Julia savait qu’elle aurait dû se taire, mais c’était plus fort qu’elle :
- Laissez-moi vous poser une question, Monsieur… Conti (le nom du fonctionnaire était
inscrit sur une petite plaque de bureau). Est-ce que votre épouse, votre maman, vos
sœurs et vos cousines… ont eu droit à leur ECPOS ? Non, bien sûr, poursuivit-elle sans
attendre la réponse. Parce que tout le monde sait bien que seules les femmes des sphères
inférieures subissent stérilisations et exérèses systématiques. Ces dames de la sphère A
bénéficient de mesures préventives et de chirurgies mini-invasives ! Quant aux maladies
génétiques… pas de ça chez vous, n’est-ce pas ?

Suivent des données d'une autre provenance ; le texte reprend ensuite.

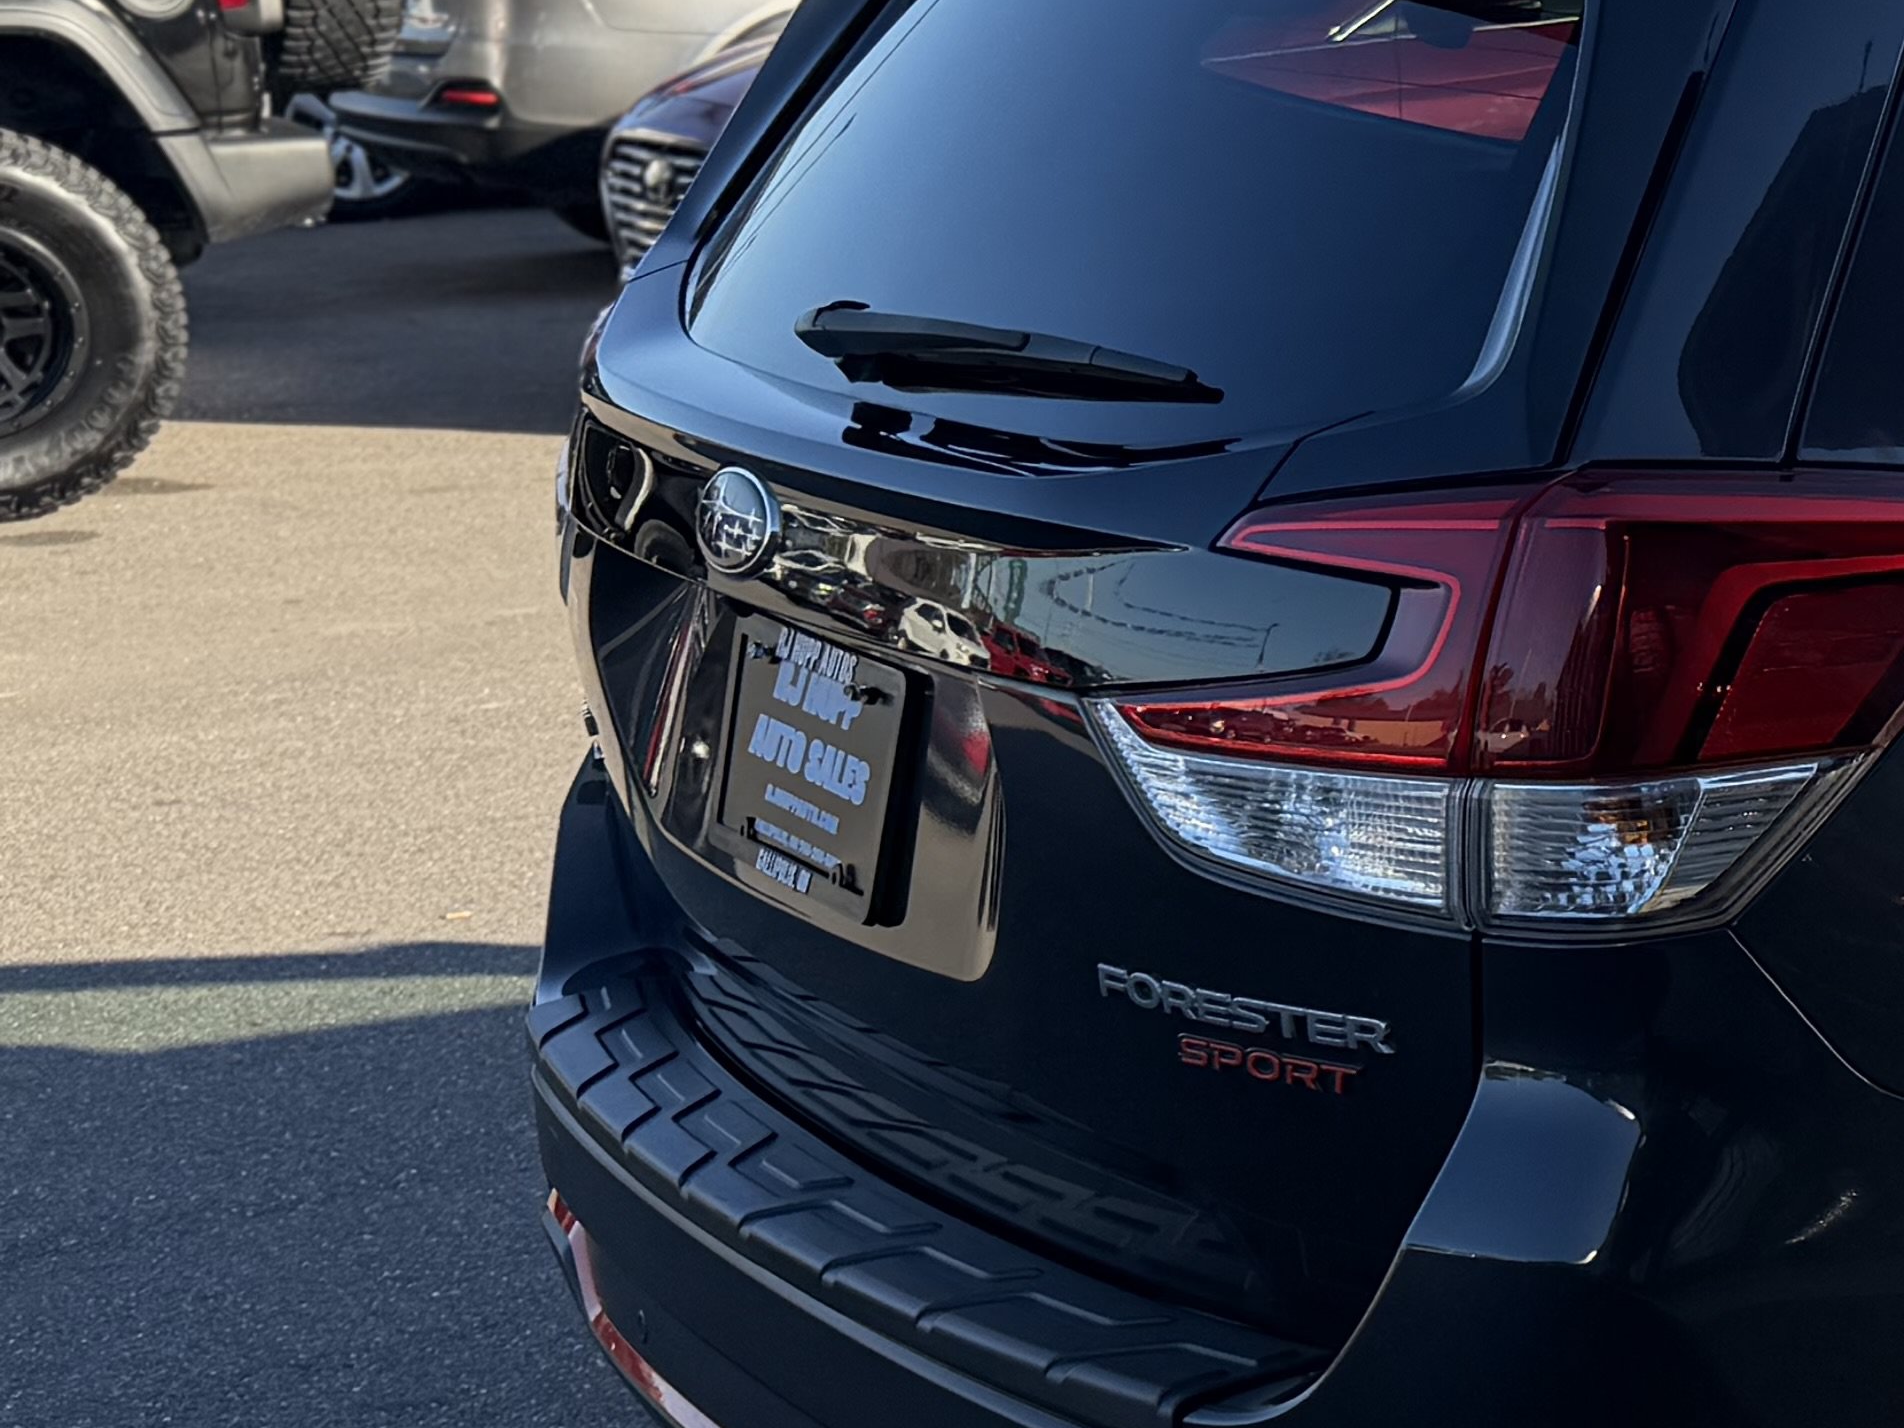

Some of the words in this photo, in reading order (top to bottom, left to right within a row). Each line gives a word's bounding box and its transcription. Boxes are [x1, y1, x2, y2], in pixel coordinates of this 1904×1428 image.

Le fonctionnaire avait toujours son sourire affable :
- Vous savez, Julia, je vous vois venir, certains opposants agitent les concepts de
stérilisation forcée, d’eugénisme, et vont même jusqu’à convoquer l’Allemagne nazie !
Mais des programmes de santé publique courageux, faisant appel, entre autres, à la
chirurgie comme moyen de prévention, il y en a eu partout dans le monde, pas seulement
en Chine ou en Corée du Nord ! Et appliqués à des publics bien définis : populations
autochtones, personnes atteintes d’infirmités ou de maladies génétiques… nombre de
ces programmes se sont avérés, ma foi, très bénéfiques à l’ensemble de la société ! Bon,
je vous accorde qu’ici ou là, certains acteurs ont pu faire preuve d’un peu trop…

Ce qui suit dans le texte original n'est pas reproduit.